Felt embodiment as a motive in flourishing
Frontiers in Psychology November 25, 2025 DOI: 10.3389/fpsyg.2025.1687553 via OpenAlex
Summary
People have a need to feel embodied—to experience having a body as both an object that can be perceived and evaluated and as a subjective, felt body. This felt embodiment is crucial for developing self-identity, interpersonal relations, wellbeing, and flourishing. The paper argues that experiences of feeling embodied serve as important motives: embodiment motivation drives people to feel their body in its vitality, capacities, expressiveness, as part of wholesome environments, and in pleasurable contact with others, while disembodiment motivation drives people to avoid or reduce bodily self-experiences due to pain or discomfort. The paper outlines a new research area on embodiment motivation.
Study at a glance
| Characteristics | Theoretical or philosophical paper Peer reviewed |
|---|---|
| Keywords | Embodied cognition Feeling Flourishing Object grammar Physical body |
| Citations | 1 |
| Key finding | Felt embodiment is a fundamental human need that motivates both seeking bodily experiences (embodiment motivation) and avoiding them (disembodiment motivation), with implications for identity, relationships, and flourishing. |
Abstract
As individual persons, we are all embodied in the sense that we have a body with certain needs, sensory systems, feelings, and capacities. Humans and some other animals also have an experience of embodiment, defined as an experience of “ my body.” This is a combined experience of having a body (the body as an object that can be perceived, imagined, thought about, and evaluated according to different standards) and being this body (the subjective experience of the felt body). The latter is not about the body as an object but is focused on how the body feels. The main claims of the present paper are (1) that we have a need to feel embodied, and that this is important for the development of self-identity, interpersonal relations, wellbeing, and flourishing in general; and (2) that experiences of feeling embodied can serve as important motives , both in a positive sense (embodiment motivation) and a negative sense (disembodiment motivation). In the present paper, felt embodiment motivation is illustrated by the motivation to feel one’s body (1) in its vitality and capacities, both in rest and in movement (e.g., physical activity and dancing), and in its expressiveness; (2) as being an integrated part of wholesome environments, and (3) in pleasurable and loving bodily contact with significant others.
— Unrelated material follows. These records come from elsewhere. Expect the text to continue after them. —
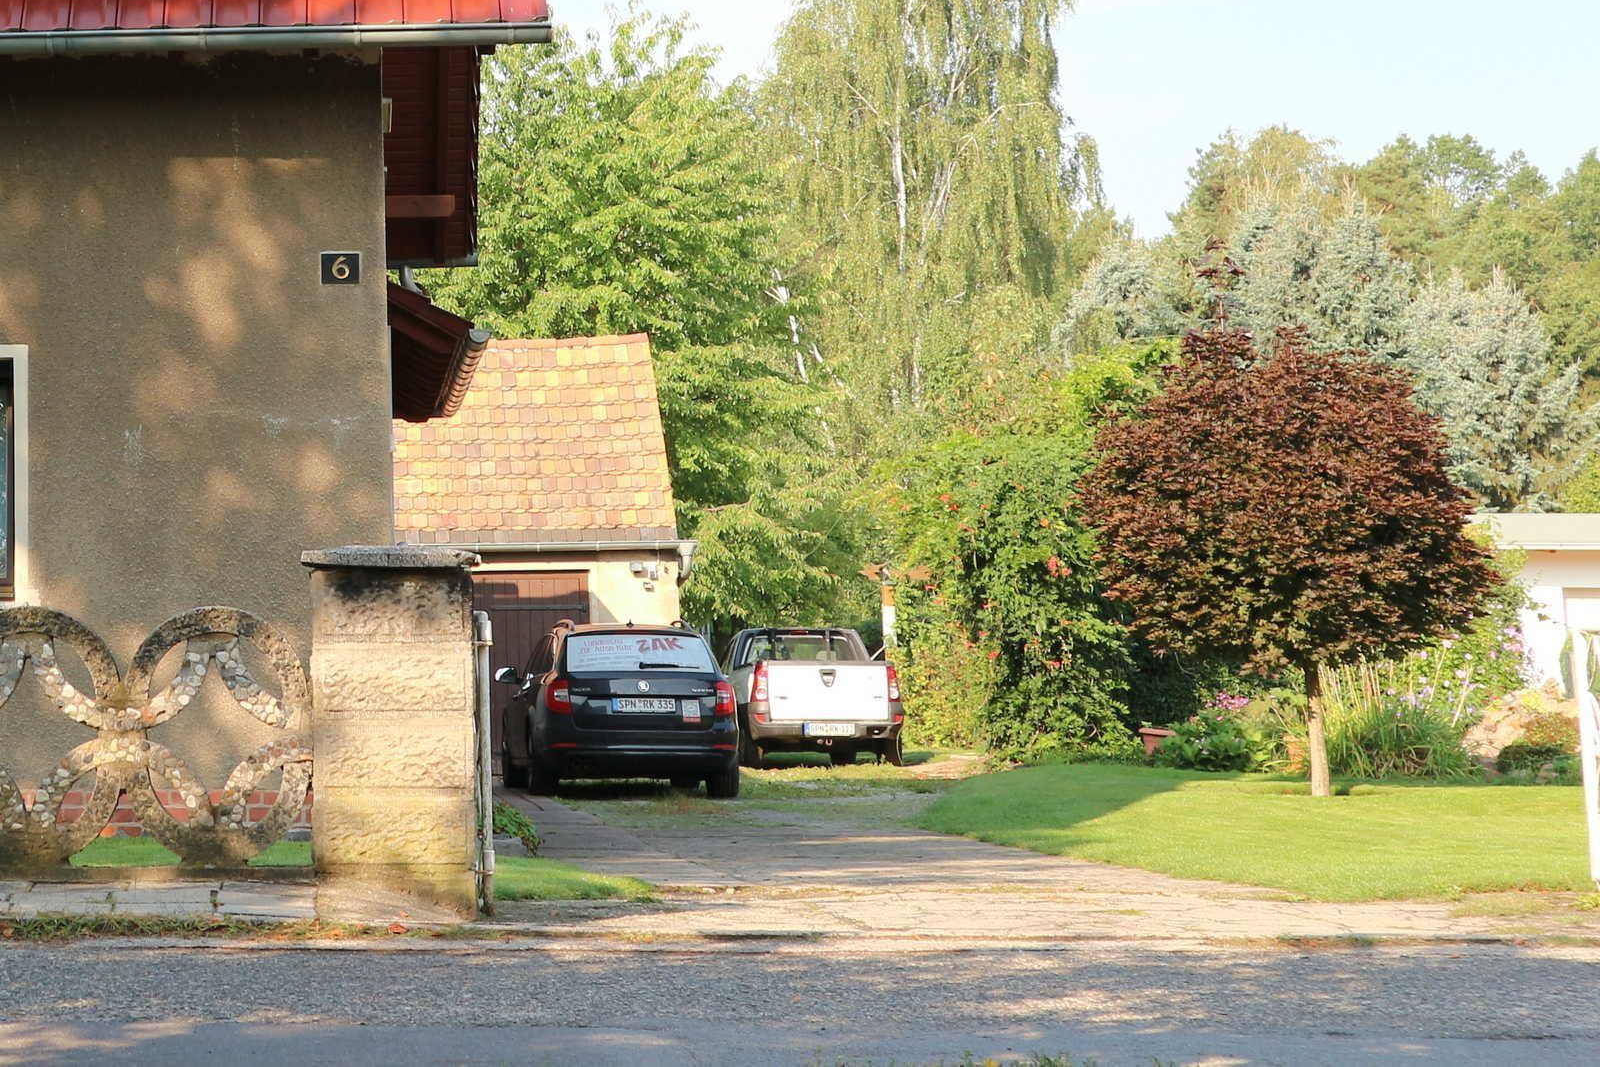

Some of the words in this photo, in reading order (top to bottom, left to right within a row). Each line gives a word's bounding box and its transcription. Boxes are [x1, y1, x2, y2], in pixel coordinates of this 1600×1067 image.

[331, 255, 350, 280] 6
[635, 637, 684, 654] ZAK
[618, 699, 637, 709] SPN
[642, 699, 655, 709] RK
[657, 699, 674, 710] 335
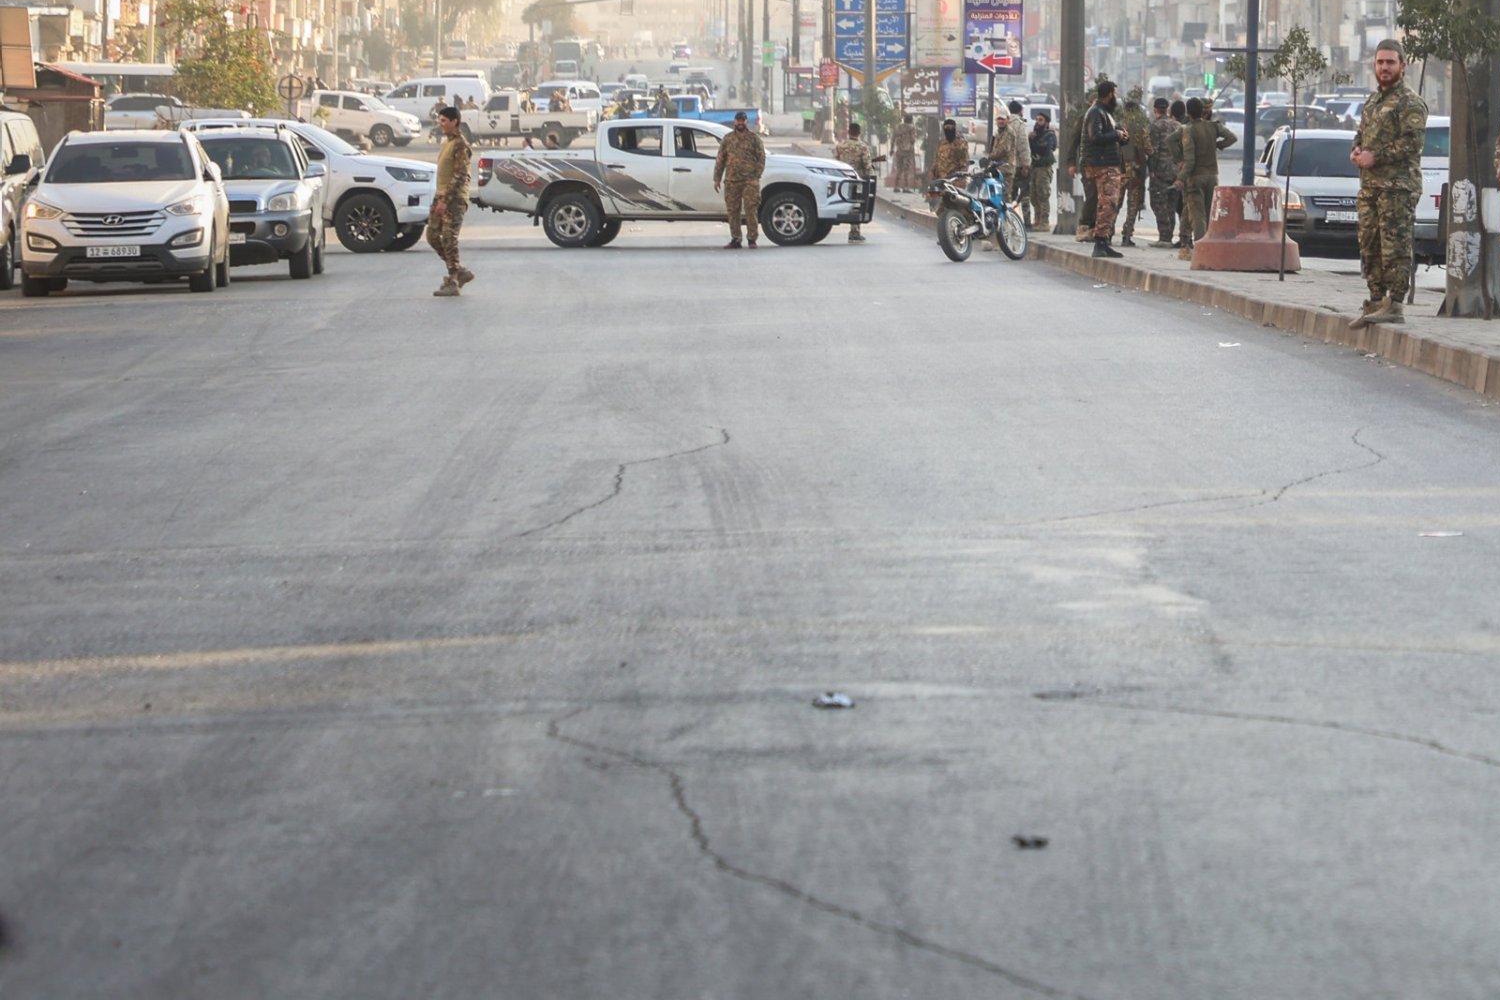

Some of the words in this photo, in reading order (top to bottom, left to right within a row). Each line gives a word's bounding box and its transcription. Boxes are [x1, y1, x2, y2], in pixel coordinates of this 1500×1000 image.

[970, 12, 993, 21] المنزلية
[914, 69, 939, 79] معرض
[903, 79, 939, 99] المرعي
Dis embodiment motivation is defined as the motive to avoid or reduce bodily self-experiences, for example due to physical or emotional pain or other forms of bodily discomfort. In brief, the present paper outlines a new area of research: embodiment motivation , defined as the motivation to feel one’s own body, its vitality, capacities, and expressiveness, its embeddedness in wholesome environments, and the embodied contact with others, and its opposite: disembodiment motivation.